Latest revision as of 15:48, 12 October 2022

B. subtilis levansucrase. Lethal to E. coli in presence of sucrose.

sacB encodes the Bacillus subtilis levansucrase, which catalyses hydrolysis of sucrose and synthesis of levans (high molecular weight fructose polymers). It is lethal to gram-negative bacteria E-coli.

It works with cat as an alternative method for inserting BioBricks into the genome by using homologous recombination rather than restriction digestion. SacB is used as a negative selection marker, which allows to insert genes onto the chromosomes without leaving a selection marker. The method can thus be reused indefinitely.

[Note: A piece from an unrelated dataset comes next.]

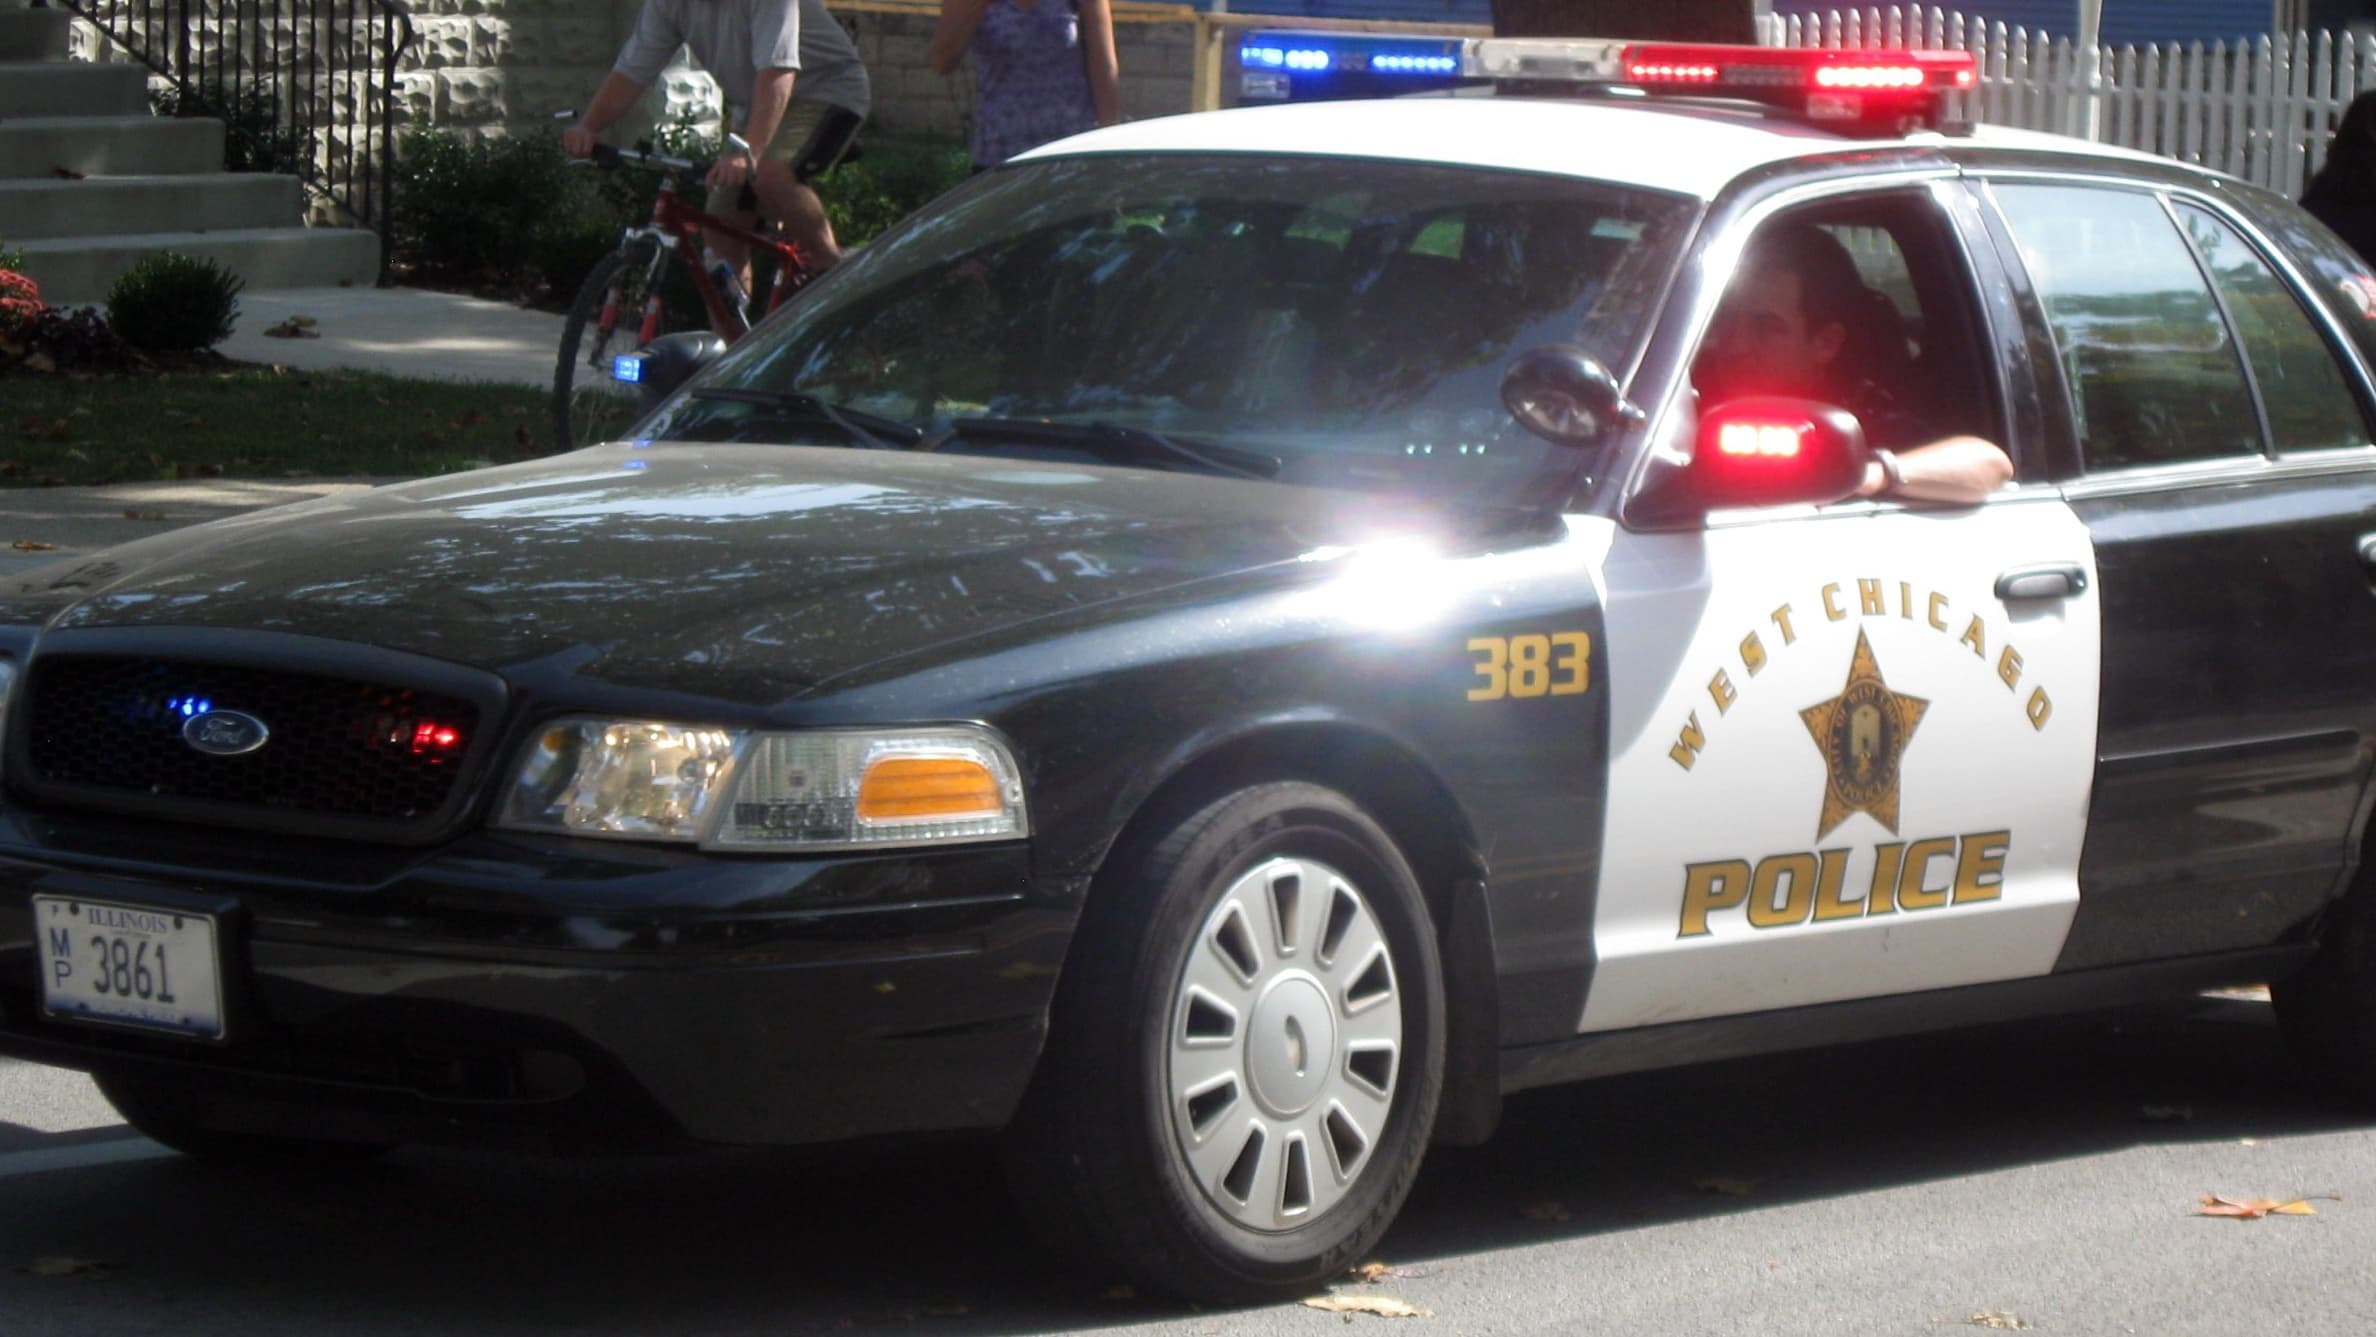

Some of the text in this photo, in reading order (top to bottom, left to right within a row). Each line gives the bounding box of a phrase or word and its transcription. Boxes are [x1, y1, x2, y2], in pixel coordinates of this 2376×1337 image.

The protocol for BRIDGE can be found on the Edinburgh 2010 igem wiki.

http://2010.igem.org/Team:Edinburgh/Project/Protocol


Measurement of SacB promoter:

SacB promoter is the starting sequence of part BBa K322921. It is separately documented as BBa_K2224001 [1] by SMS_Shenzhen team in 2017.

We, SMS_Shenzhen Team, tested the strength of this promoter by comparing it with J23100. According to our measurement,SacB promoter is a functional promoter in E.coli expression system.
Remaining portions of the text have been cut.